■ **TO DO**
Without any images, output the records below verbatim.

■ **MATERIAL FOR THIS TASK**

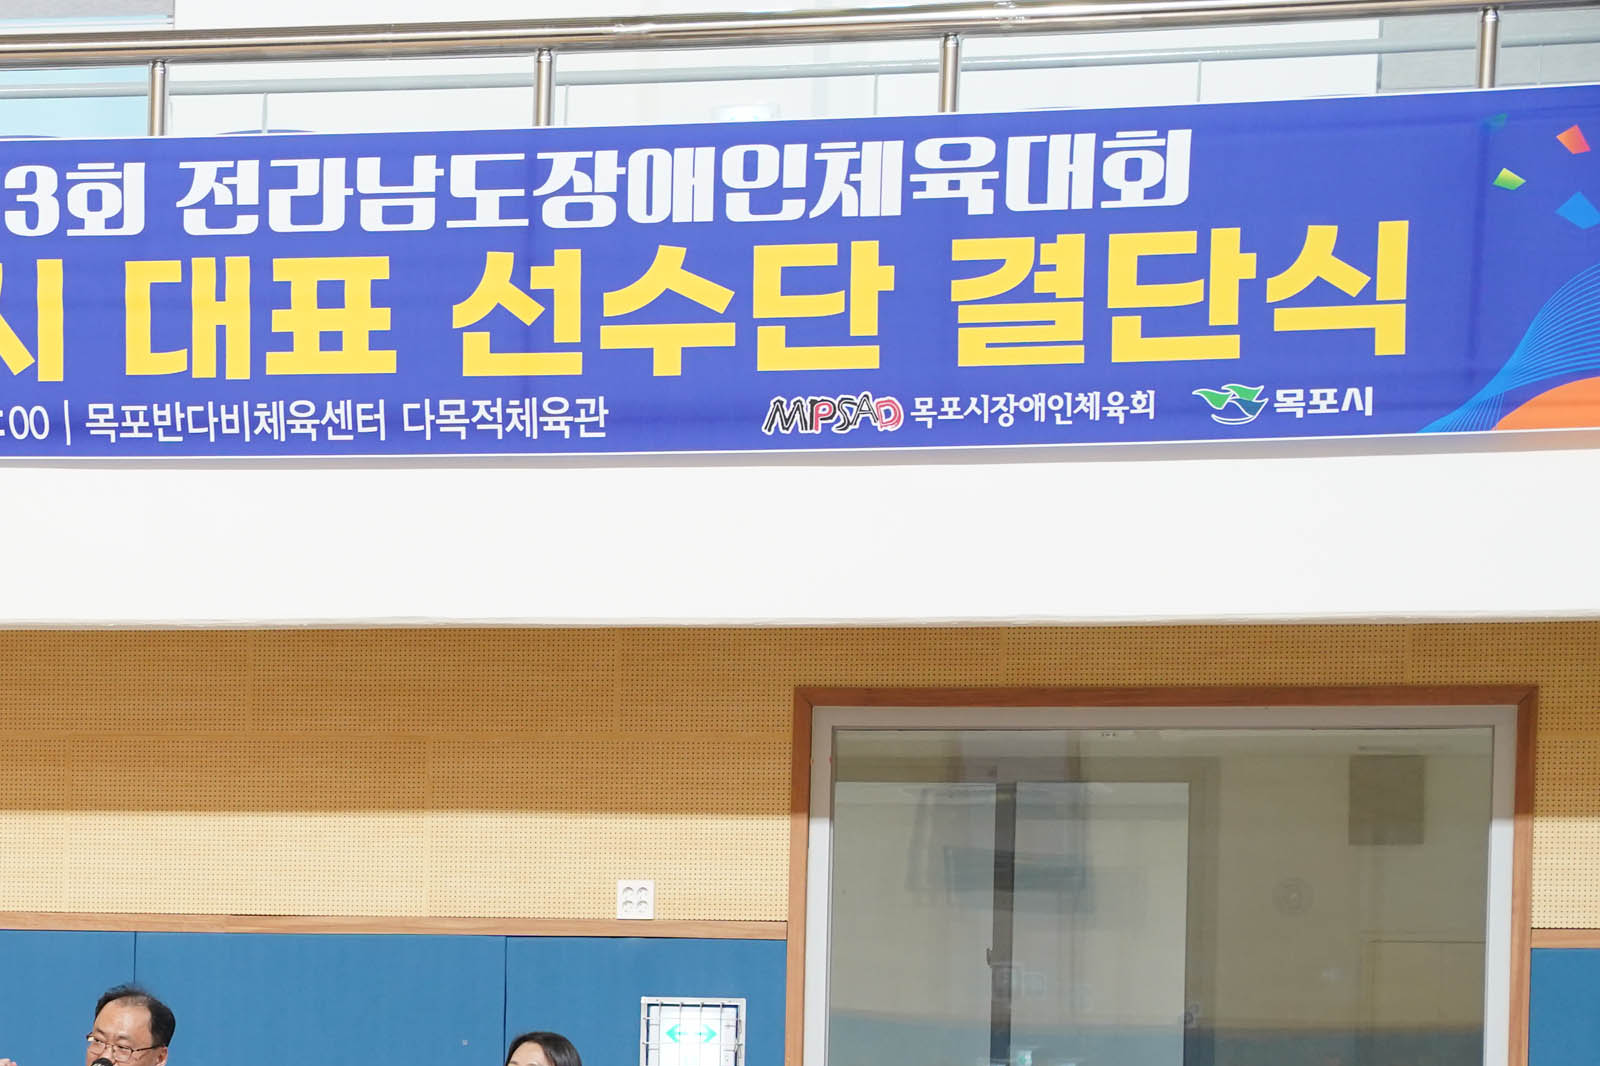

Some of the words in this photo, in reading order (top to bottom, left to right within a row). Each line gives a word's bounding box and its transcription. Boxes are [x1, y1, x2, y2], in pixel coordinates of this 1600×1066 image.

[177, 128, 1193, 238] 전라남도장애인체육대회
[125, 255, 397, 381] 대표
[452, 240, 895, 377] 선수단
[951, 220, 1409, 367] 결단식
[85, 399, 386, 443] 목포반다비체육센터
[402, 395, 609, 440] 다목적체육관
[761, 391, 905, 436] MPSAD
[910, 388, 1156, 428] 목포시장애인체육회
[1273, 386, 1373, 419] 목포시

■ **RESPONSE**
Some of the words in this photo, in reading order (top to bottom, left to right within a row). Each line gives a word's bounding box and its transcription. Boxes are [x1, y1, x2, y2], in pixel coordinates of this 1600×1066 image.

[177, 128, 1193, 238] 전라남도장애인체육대회
[125, 255, 397, 381] 대표
[452, 240, 895, 377] 선수단
[951, 220, 1409, 367] 결단식
[85, 399, 386, 443] 목포반다비체육센터
[402, 395, 609, 440] 다목적체육관
[761, 391, 905, 436] MPSAD
[910, 388, 1156, 428] 목포시장애인체육회
[1273, 386, 1373, 419] 목포시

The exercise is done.